Spatial localization data

--------------------

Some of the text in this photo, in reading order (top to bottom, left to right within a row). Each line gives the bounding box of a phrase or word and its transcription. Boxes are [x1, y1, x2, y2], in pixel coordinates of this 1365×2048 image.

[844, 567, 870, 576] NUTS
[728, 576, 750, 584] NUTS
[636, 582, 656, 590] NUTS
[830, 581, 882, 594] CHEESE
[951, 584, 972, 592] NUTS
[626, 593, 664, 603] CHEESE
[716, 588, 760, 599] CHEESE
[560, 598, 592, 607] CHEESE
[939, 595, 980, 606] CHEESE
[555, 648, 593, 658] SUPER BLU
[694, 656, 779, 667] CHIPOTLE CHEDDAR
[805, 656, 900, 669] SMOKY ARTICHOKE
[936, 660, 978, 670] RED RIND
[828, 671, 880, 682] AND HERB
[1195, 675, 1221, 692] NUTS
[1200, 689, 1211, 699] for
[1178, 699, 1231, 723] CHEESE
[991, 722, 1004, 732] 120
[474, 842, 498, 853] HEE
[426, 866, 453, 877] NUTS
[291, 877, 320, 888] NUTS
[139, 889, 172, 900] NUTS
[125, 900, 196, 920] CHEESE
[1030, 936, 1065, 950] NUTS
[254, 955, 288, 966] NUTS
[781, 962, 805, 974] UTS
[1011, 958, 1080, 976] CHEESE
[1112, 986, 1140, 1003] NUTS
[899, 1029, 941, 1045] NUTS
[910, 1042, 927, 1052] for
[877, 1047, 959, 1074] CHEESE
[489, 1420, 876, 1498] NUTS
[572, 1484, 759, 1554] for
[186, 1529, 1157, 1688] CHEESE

--------------------

= What the exercise asks =
Please return all of the entries above, exactly and completely.

= Exercise result =
Some of the text in this photo, in reading order (top to bottom, left to right within a row). Each line gives the bounding box of a phrase or word and its transcription. Boxes are [x1, y1, x2, y2], in pixel coordinates of this 1365×2048 image.

[844, 567, 870, 576] NUTS
[728, 576, 750, 584] NUTS
[636, 582, 656, 590] NUTS
[830, 581, 882, 594] CHEESE
[951, 584, 972, 592] NUTS
[626, 593, 664, 603] CHEESE
[716, 588, 760, 599] CHEESE
[560, 598, 592, 607] CHEESE
[939, 595, 980, 606] CHEESE
[555, 648, 593, 658] SUPER BLU
[694, 656, 779, 667] CHIPOTLE CHEDDAR
[805, 656, 900, 669] SMOKY ARTICHOKE
[936, 660, 978, 670] RED RIND
[828, 671, 880, 682] AND HERB
[1195, 675, 1221, 692] NUTS
[1200, 689, 1211, 699] for
[1178, 699, 1231, 723] CHEESE
[991, 722, 1004, 732] 120
[474, 842, 498, 853] HEE
[426, 866, 453, 877] NUTS
[291, 877, 320, 888] NUTS
[139, 889, 172, 900] NUTS
[125, 900, 196, 920] CHEESE
[1030, 936, 1065, 950] NUTS
[254, 955, 288, 966] NUTS
[781, 962, 805, 974] UTS
[1011, 958, 1080, 976] CHEESE
[1112, 986, 1140, 1003] NUTS
[899, 1029, 941, 1045] NUTS
[910, 1042, 927, 1052] for
[877, 1047, 959, 1074] CHEESE
[489, 1420, 876, 1498] NUTS
[572, 1484, 759, 1554] for
[186, 1529, 1157, 1688] CHEESE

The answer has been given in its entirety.